A lack of hardware implementation penalizing IoT 

There are currently few players creating hardware solutions such as secure hardware accelerators or cryptographic coprocessors, with Luna HSM from Thales and Crypto4A among the rare exceptions. Most of the existing advertised post quantum core trust components only have an extra software layer of post-quantum cryptography. This is not sufficing as those components must be as compact and efficient as possible, especially in an IoT of embedded devices settings. 

More challenges remain in that domain such as the certification of devices which is underway, and potential vulnerabilities to side channel attacks which may arise due to the lack of maturity of the algorithm’s implementations. 

An International and Sovereign Market: Digital Sovereignty at Stake

The quantum computing market is both global and deeply intertwined with questions of national sovereignty. Quantum computers are considered a strategic issue by the world’s leading nations, which invest hundreds of billions to ensure their sovereignty in that emergent field. 

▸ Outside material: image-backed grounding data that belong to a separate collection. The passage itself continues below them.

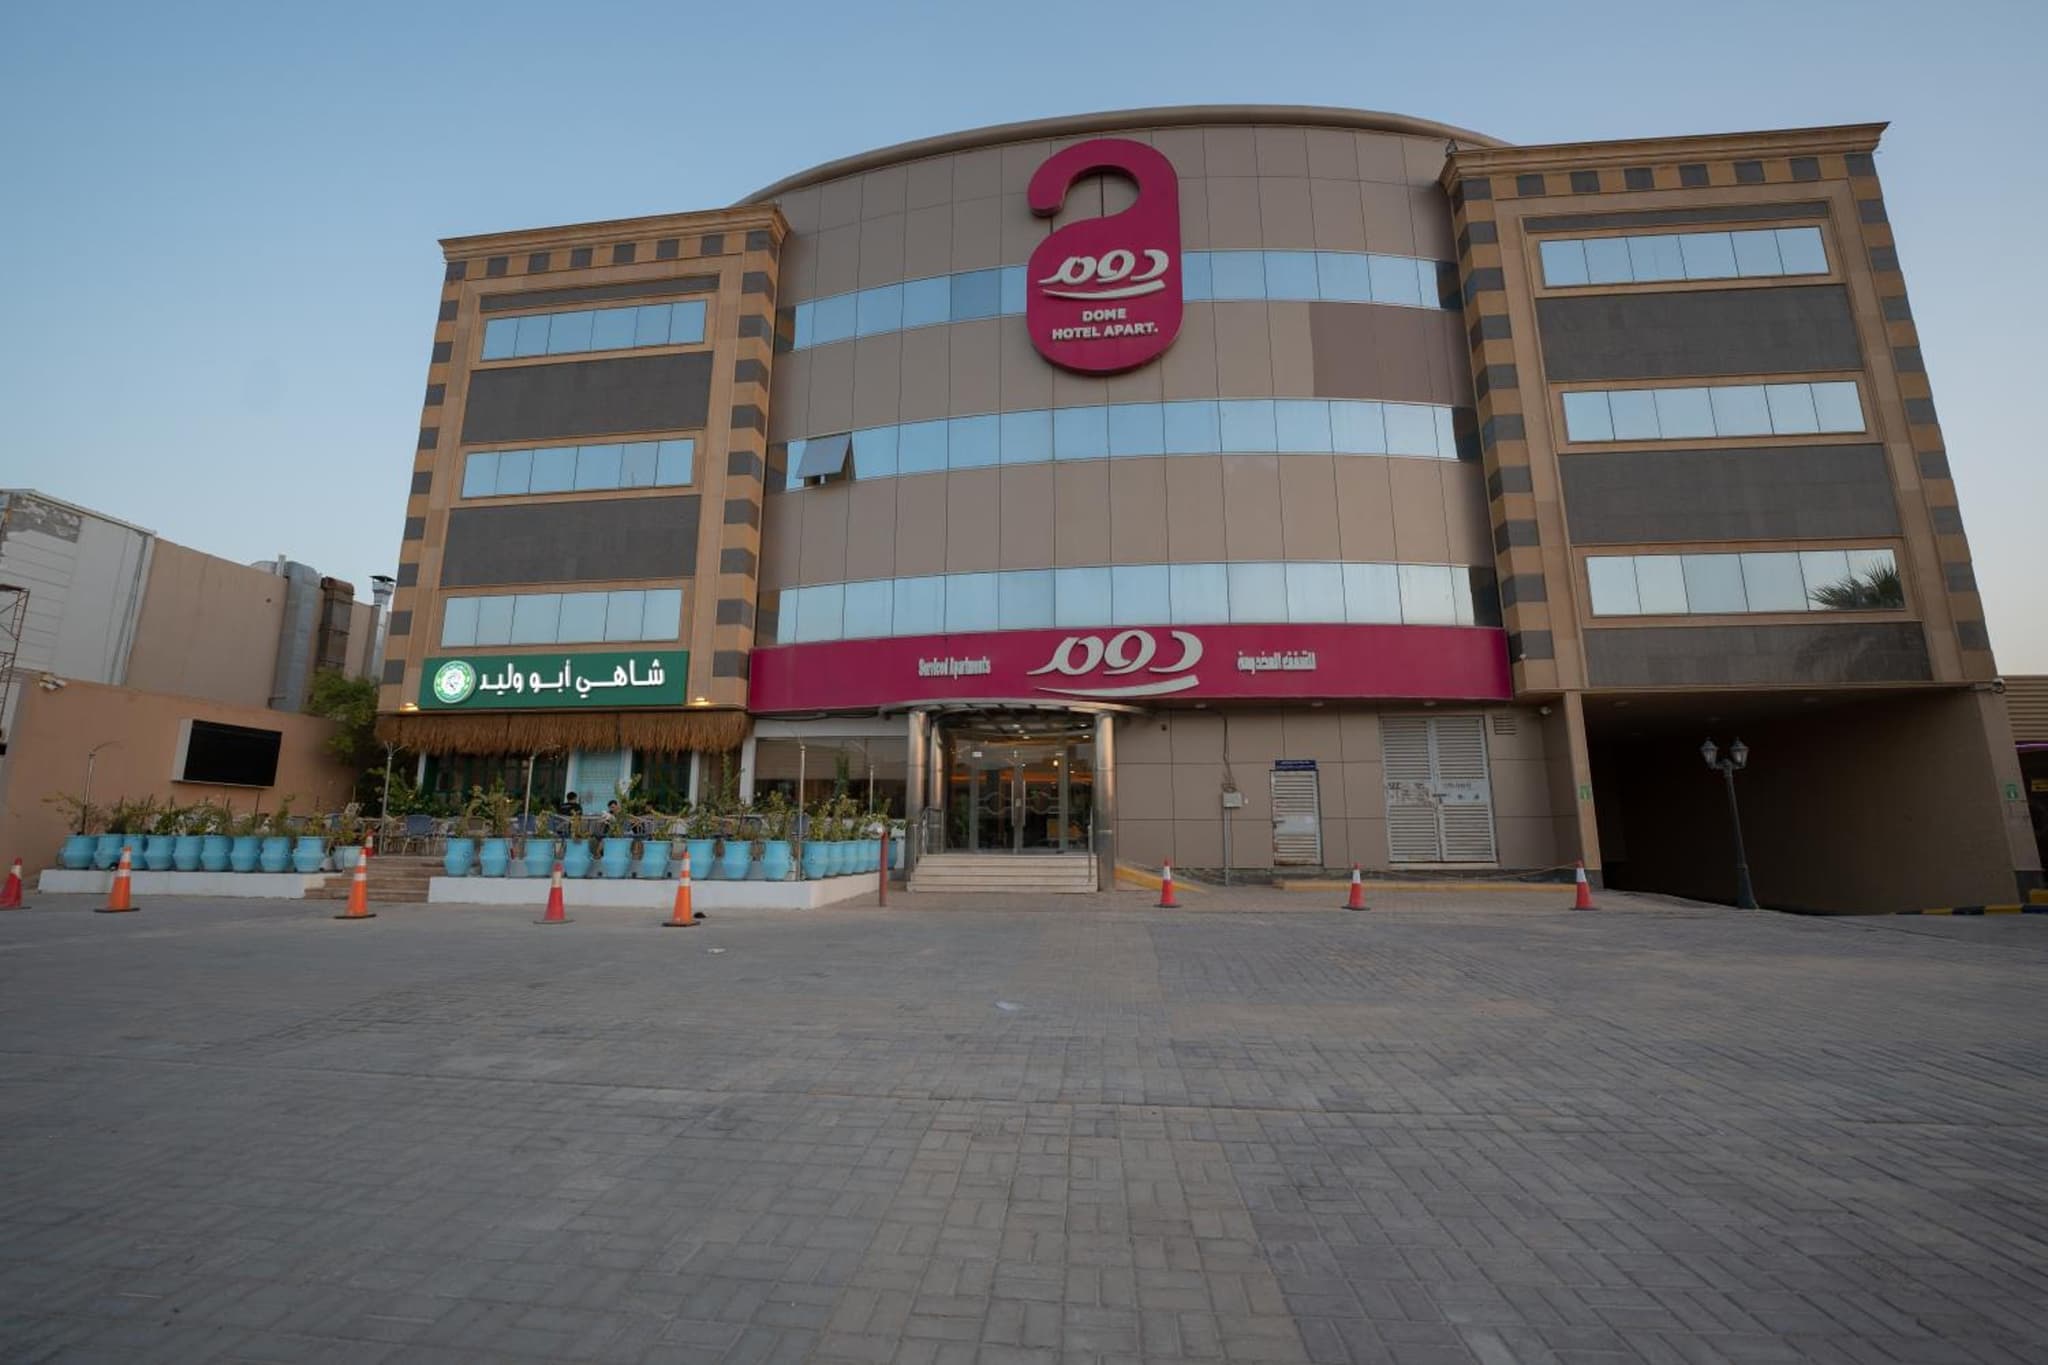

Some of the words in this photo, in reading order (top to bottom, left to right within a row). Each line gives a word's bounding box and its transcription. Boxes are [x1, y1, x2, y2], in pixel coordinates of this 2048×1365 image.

[1037, 249, 1169, 285] دوم
[1052, 326, 1101, 340] HOTEL
[1104, 322, 1159, 337] APART.
[1082, 308, 1127, 322] DOME
[1026, 630, 1204, 676] دوم
[479, 662, 524, 696] وليد
[529, 659, 571, 694] أبو
[575, 658, 666, 699] شاهي

On the other hand, the market for post-quantum security is framed in a much more international prism. Companies in our radar span many nations, with the U.S. being nevertheless the uncontested leader. Moreover, international partnerships have also taken place such as Thales, which partners with IBM, CryptoNext, and many more to combine their respective expertise and provide clients with advanced solutions. 

Size Disparities 

The market landscape for post-quantum security solutions exhibits significant disparities in the size and maturity of players. On one end of the spectrum, tech giants and established cybersecurity firms leverage extensive resources to develop and promote robust solutions. On the other end, niche startups and pure players are driving rapid advancements in specialized areas. We expect this diversity to foster: 

1. Innovation: Diversity in the market landscape, with contributions from both tech giants and pure players which enhances the pace and quality of innovation. 
2. Fragmentation: Smaller players may struggle to achieve the scale required to implement their solutions broadly.  
3. Partnerships: We are already witnessing how Thales and IBM are leveraging innovation in specific areas of pure players with their own resources and expertise.  

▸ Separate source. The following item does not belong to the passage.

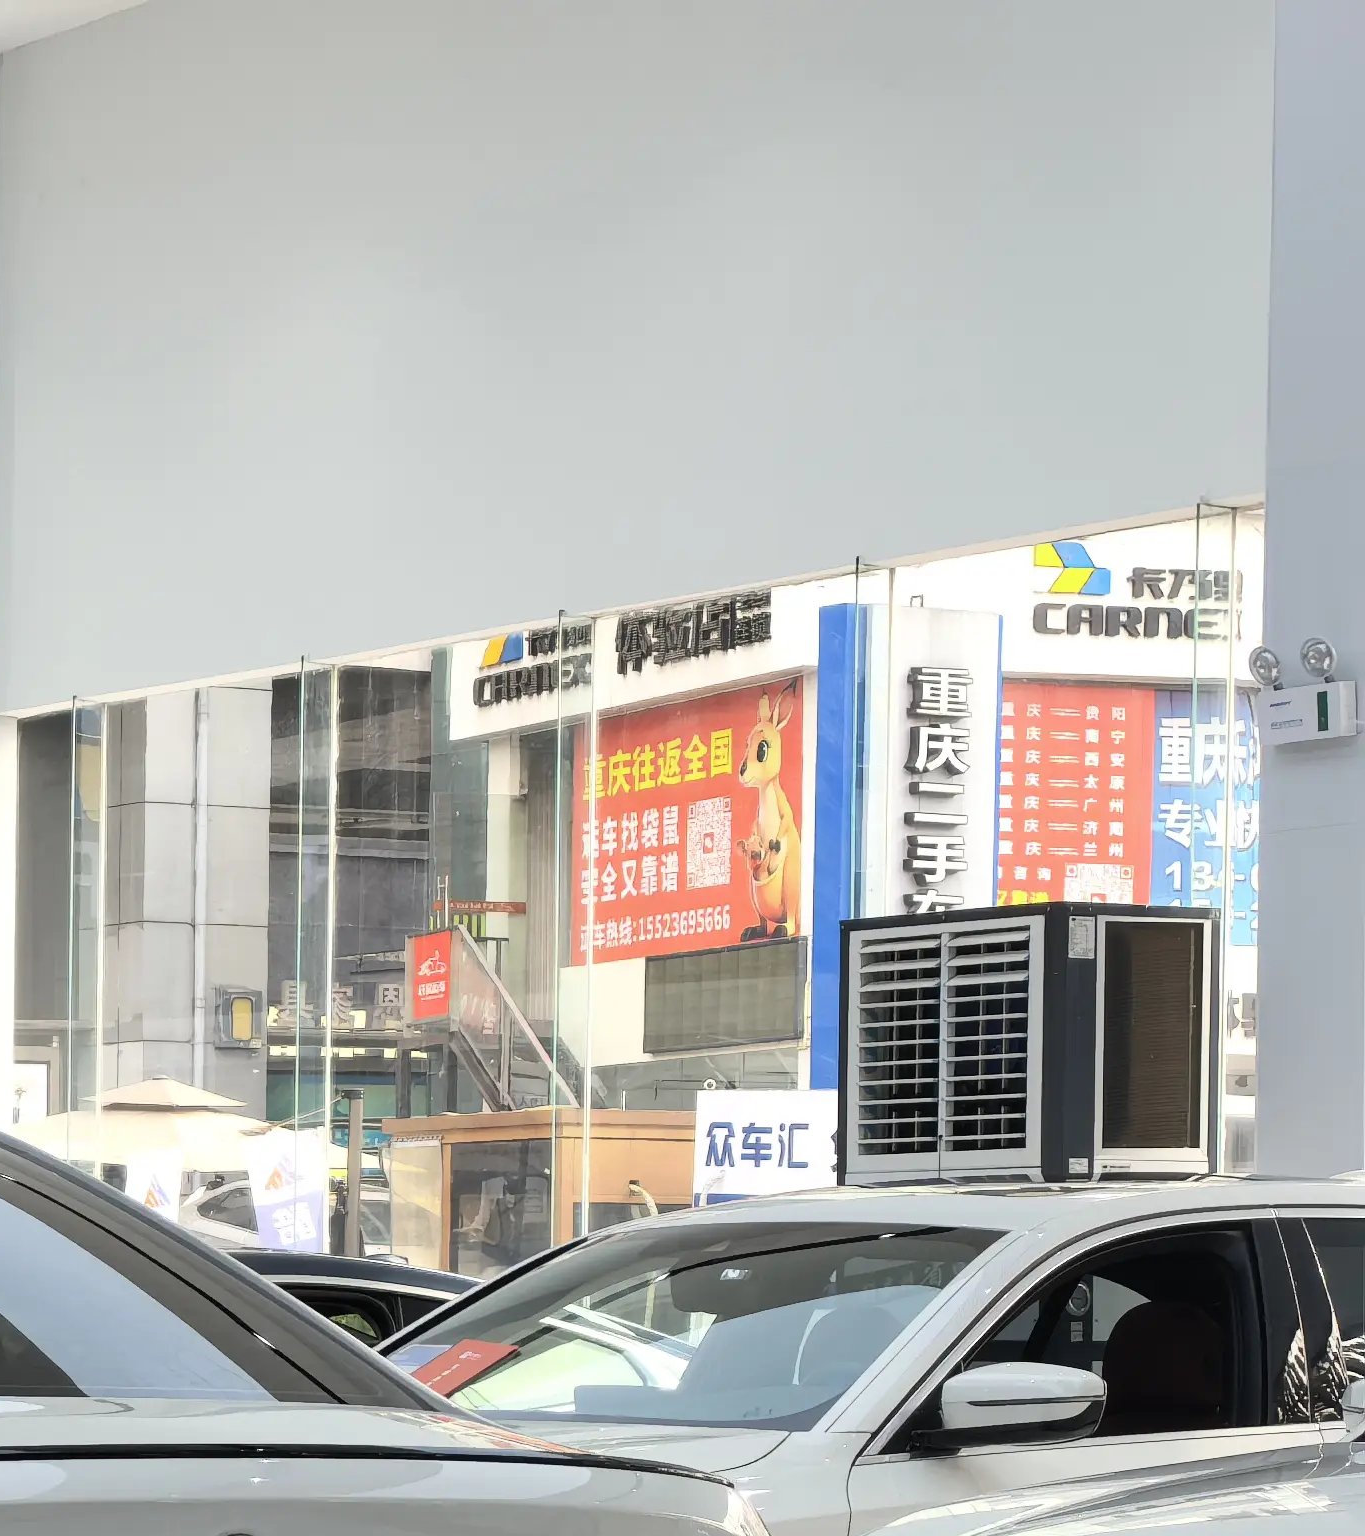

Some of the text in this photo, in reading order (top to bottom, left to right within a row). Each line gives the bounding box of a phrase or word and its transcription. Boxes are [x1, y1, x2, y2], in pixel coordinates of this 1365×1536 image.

[1032, 602, 1242, 641] CARNE
[583, 728, 733, 801] 重庆往返全国
[705, 1121, 810, 1168] 众车汇

As the market matures, it will be exciting to follow how its landscape evolves. 

Several Open-Source Libraries… with Big Tech Support 

Already, several open-source libraries propose post-quantum cryptograph. The most high-profile libraries, such as OpenSSL, are not the most advanced on this, with their own implementations currently ongoing, while Open Quantum Safe’s liboq is already ready. Nevertheless, it is a promising sight for the cybersecurity ecosystem that a topic as crucial as post-quantum security has solutions deeply rooted in open-source principles. 

Yet, Big Tech companies play a pivotal role in supporting open-source libraries for post-quantum cryptography, recognizing their potential to accelerate adoption and innovation. Initiatives like Open Quantum Safe’s liboq has supporters that include Microsoft, Amazon and IBM; Bouncy Castle’s PQC was developed with Keyfactor’s sizeable participation, and Tink, Google’s open-source library offer PQC as well. However, most of the implementation has not been fully formally verified, though the process is underway. 

A promising but incomplete market coverage 

As we have covered, the market is extremely dynamic. The question remains whether the ecosystem’s needs for a post quantum transition are currently met. Currently, there is a lack of true hardware post-quantum solutions, as most of what exists is only a post-quantum layer. Nevertheless, our understanding of the market is very much that it is under development and should be more and more available this year already. Based on how we advise clients in planning and implementing their migration, the market solutions address or will address shortly most of our client’s needs.